Ubhara Jaya-Jumat(8/6), Universitas Bhayangkara Jakarta Raya (Ubhara Jaya) menggelar peringatan Hari Turunnya Alquran (Nuzulul Quran) di Auditorium Graha Tanoto, Kampus II Bekasi. Acara tersebut diawali dengan buka puasa bersama dihadiri oleh  Pimpinan, Dosen, Karyawan  dan sejumlah mahasiswa Ubhara Jaya.

Tahun ini, rangkaian kegiatan Ramadhan Ubhara Jaya mengambil tema “Dengan Nuzulul Qur’an Kita wujudkan Masyarakat Kampus yang Berakhlak dan Menjunjung Tinggi Nilai-Nilai Al Quran Untuk Menyongsong Universitas Bhayangkara Jakarta Raya sebagai Kampus Unggulan.” Sebelumnya, Ubhara Jaya menghelat berbagai acara keagamaan seperti solat terawih bersama dan pengajian rutin.

Membuka acara, Rektor Ubhara Jaya Inspektur Jenderal Polisi (P) Dr.(c). Drs.H.Bambang Karsono,SH.,MM berharap acara buka bersama dan peringatan Nuzulul Quran memberikan manfaat untuk semakin mempererat silaturahmi antar karyawan Ubhara Jaya serta mendorong semangat dalam menyongsong Ubhara Jaya sebagai kampus unggulan.

Acara juga dimanfaatkan Rektor untuk mengajak seluruh peserta mawas diri terhadap paham dan aksi radikalisme dan terorisme.  Melalui paparan singkatnya tentang Deradikalisasi Paham radikal dan Terorisme dalam mewujudkan integritas bangsa, Rektor memberikan keterangan secara komprehensif akan radikalisme serta upaya preventif yang menyertainya.  “Ini merupakan bentuk komitmen Ubhara Jaya dalam berkontribusi menghadang aksi radikal dan teorisme, khususnya di lingkungan kampus.“

Kegiatan buka bersama dan memperingati Nuzulul Quran tersebut kemudian dilanjutkan dengan pembacaan ayat suci Alquran serta saritilawah mengenai inti dari ajaran Islam dan Alquran sebagai pedoman hidup muslim.

Inti acara peringatan diisi tausiah oleh Ustad Dr. KH. Syamsul Ma’arif, MA yang memberikan ceramah  tentang hakikat dan keutamaan Puasa Ramadhan. Ustad Dr.

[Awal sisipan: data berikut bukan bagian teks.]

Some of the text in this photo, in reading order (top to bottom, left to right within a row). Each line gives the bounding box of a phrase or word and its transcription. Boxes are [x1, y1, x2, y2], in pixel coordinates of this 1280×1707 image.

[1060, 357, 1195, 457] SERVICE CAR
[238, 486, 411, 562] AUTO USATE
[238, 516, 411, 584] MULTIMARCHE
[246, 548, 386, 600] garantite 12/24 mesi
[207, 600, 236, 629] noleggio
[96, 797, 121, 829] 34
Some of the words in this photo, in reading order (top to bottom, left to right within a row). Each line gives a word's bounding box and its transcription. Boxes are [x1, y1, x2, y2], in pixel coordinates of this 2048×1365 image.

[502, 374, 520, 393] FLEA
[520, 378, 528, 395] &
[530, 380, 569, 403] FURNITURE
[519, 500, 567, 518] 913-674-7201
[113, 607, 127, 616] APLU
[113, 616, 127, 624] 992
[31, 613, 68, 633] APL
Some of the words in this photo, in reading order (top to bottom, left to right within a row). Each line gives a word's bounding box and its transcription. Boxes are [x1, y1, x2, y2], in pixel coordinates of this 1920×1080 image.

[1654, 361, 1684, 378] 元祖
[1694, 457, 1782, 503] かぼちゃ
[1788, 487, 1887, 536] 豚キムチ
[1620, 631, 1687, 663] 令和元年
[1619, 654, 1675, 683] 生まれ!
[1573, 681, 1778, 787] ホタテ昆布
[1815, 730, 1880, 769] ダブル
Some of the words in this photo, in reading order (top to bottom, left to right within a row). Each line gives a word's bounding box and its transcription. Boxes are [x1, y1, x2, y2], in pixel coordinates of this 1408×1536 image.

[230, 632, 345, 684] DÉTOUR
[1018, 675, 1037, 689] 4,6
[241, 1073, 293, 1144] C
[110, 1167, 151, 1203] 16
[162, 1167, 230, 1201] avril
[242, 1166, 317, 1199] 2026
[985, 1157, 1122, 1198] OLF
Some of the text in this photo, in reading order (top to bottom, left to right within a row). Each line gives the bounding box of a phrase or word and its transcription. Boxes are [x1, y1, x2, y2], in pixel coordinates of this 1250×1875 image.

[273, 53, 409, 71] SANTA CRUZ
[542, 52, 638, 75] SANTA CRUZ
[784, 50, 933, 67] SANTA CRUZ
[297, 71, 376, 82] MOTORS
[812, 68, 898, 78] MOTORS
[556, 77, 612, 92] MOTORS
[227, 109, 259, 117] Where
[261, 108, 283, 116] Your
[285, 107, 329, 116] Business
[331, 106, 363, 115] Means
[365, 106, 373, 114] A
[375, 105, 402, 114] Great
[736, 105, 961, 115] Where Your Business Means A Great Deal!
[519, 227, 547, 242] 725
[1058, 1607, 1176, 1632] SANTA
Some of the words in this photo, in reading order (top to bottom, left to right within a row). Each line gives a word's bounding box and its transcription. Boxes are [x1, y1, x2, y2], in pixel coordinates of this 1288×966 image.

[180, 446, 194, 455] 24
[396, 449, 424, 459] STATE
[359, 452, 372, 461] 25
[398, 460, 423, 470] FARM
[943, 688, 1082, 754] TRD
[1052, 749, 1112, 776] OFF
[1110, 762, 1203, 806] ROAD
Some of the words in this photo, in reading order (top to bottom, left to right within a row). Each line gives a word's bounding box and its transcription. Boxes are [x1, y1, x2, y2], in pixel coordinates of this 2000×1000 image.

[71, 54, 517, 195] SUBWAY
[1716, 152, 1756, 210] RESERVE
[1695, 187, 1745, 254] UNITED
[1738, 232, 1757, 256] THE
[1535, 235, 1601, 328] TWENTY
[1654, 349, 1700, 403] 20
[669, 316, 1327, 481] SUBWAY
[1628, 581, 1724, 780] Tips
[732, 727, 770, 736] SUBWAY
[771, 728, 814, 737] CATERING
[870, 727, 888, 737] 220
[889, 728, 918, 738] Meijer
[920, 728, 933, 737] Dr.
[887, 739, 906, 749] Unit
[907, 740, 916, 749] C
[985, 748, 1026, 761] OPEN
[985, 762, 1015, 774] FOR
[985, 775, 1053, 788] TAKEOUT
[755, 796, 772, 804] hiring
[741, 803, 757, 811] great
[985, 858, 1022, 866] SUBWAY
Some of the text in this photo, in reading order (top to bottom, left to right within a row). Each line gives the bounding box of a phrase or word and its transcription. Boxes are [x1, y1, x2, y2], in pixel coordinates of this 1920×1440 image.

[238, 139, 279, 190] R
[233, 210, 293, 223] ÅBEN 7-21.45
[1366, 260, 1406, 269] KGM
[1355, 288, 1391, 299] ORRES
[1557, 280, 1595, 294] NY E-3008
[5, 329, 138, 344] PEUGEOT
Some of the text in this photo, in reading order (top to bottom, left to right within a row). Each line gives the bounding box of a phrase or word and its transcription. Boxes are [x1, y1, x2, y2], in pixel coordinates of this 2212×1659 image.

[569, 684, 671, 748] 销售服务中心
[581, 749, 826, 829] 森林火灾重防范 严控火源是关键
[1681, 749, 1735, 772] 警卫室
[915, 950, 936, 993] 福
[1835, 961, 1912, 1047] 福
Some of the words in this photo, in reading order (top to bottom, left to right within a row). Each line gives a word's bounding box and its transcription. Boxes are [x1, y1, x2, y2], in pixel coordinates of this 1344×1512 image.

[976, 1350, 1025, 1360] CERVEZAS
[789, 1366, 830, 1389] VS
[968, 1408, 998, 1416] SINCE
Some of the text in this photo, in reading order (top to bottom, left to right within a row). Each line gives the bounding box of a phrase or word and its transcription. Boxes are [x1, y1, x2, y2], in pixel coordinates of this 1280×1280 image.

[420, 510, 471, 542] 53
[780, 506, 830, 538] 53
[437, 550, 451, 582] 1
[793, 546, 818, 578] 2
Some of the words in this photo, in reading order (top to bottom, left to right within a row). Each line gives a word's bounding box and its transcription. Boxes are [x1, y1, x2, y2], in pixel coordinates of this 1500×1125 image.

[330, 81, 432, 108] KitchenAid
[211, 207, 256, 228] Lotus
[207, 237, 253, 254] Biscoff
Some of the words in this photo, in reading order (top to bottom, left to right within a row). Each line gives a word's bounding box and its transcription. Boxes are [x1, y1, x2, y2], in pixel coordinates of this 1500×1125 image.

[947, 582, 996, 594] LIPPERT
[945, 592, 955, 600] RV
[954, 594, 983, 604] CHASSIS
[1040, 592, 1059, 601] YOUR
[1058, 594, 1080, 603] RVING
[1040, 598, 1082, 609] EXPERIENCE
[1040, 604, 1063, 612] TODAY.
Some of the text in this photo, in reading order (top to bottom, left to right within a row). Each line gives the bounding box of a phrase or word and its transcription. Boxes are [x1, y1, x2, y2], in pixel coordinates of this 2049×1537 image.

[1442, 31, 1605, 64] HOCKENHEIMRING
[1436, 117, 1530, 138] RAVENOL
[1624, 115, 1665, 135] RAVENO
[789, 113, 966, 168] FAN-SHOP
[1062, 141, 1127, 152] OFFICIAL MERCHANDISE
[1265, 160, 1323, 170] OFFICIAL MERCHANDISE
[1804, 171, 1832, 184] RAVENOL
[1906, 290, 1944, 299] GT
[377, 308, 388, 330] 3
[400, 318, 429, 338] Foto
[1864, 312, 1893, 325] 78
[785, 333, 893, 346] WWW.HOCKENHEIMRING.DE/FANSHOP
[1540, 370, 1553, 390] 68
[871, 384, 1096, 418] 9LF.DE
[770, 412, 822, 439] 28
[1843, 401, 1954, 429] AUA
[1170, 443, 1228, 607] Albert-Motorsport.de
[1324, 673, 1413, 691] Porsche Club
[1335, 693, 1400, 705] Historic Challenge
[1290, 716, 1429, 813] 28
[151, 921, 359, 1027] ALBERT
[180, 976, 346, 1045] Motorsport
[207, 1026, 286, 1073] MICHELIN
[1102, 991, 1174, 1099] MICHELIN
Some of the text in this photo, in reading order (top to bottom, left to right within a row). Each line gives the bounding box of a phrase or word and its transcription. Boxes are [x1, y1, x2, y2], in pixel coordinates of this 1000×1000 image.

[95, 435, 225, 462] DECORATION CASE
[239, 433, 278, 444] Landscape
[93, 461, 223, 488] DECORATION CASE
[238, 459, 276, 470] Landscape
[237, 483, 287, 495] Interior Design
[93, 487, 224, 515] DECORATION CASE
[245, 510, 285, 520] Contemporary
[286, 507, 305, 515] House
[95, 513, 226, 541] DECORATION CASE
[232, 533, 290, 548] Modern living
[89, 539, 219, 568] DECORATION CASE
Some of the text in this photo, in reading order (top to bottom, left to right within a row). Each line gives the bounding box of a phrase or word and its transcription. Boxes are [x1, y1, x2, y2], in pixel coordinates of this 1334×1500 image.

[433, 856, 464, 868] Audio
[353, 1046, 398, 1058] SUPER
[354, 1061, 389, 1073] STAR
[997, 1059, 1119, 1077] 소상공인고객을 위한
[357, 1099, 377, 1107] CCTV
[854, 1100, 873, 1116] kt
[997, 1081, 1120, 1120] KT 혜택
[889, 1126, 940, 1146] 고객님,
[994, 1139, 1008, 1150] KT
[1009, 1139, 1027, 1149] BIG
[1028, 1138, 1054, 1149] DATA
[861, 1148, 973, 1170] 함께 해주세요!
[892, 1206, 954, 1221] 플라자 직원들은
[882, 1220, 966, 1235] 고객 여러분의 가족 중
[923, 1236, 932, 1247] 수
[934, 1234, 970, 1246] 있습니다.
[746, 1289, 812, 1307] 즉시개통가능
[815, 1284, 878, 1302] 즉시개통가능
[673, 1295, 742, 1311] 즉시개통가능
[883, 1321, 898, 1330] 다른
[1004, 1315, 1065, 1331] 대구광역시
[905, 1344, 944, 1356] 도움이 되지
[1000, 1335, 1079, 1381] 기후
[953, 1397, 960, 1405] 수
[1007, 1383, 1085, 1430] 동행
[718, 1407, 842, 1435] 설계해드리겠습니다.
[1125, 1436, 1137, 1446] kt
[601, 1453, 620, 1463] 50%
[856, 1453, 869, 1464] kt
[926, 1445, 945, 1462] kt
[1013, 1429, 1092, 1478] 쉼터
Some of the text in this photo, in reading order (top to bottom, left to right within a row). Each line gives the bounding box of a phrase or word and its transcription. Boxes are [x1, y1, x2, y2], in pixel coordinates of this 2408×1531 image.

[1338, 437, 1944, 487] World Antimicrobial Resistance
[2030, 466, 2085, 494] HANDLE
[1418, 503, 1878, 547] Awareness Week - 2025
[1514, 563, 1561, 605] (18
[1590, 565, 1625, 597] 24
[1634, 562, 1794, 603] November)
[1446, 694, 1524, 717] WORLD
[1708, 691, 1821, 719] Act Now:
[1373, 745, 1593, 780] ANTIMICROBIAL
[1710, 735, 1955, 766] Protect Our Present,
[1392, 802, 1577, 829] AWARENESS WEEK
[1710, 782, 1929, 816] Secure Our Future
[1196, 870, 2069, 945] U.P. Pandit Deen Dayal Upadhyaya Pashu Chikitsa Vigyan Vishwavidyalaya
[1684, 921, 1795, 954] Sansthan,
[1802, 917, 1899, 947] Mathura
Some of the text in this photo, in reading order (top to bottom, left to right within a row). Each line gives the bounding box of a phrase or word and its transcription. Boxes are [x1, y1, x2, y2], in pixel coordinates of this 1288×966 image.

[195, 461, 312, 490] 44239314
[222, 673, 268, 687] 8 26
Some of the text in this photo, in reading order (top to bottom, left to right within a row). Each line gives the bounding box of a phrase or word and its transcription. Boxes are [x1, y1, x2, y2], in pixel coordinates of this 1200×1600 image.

KH. Syamsul Ma’arif, MA menyampaikan bahwa inti ibadah puasa Ramadan bukan hanya menahan diri untuk tidak makan dan minum, namun bagaimana kita meluruskan niat kita dalam berpuasa.

“Keutamaan puasa Ramadhan bagi orang yang berpuasa dengan jujur dan ikhlas adalah ia akan memperoleh pengampunan dosa yang telah lalu sebagai tambahan dari pahala besar yang tak hingga yang ia peroleh,”katanya. Ustad mengingatkan, amalan yang dilakukan seseorang tidaklah manfaat sampai ia hanya mengharapkan pahala dari Allah dan bukan karena motivasi lain seperti dipuji atau ingin langsing.

Seusai siraman rohani, acara terakhir ditutup dengan Sholat Tarawih berjamaah. Acara Buka Bersama ini adalah acara tahunan rutin Ubhara Jaya dalam mengisi Bulan Suci Ramadhan dan meningkatkan Masyarakat Kampus yang Berakhlak dan Menjunjung Tinggi Nilai-Nilai Al Quran.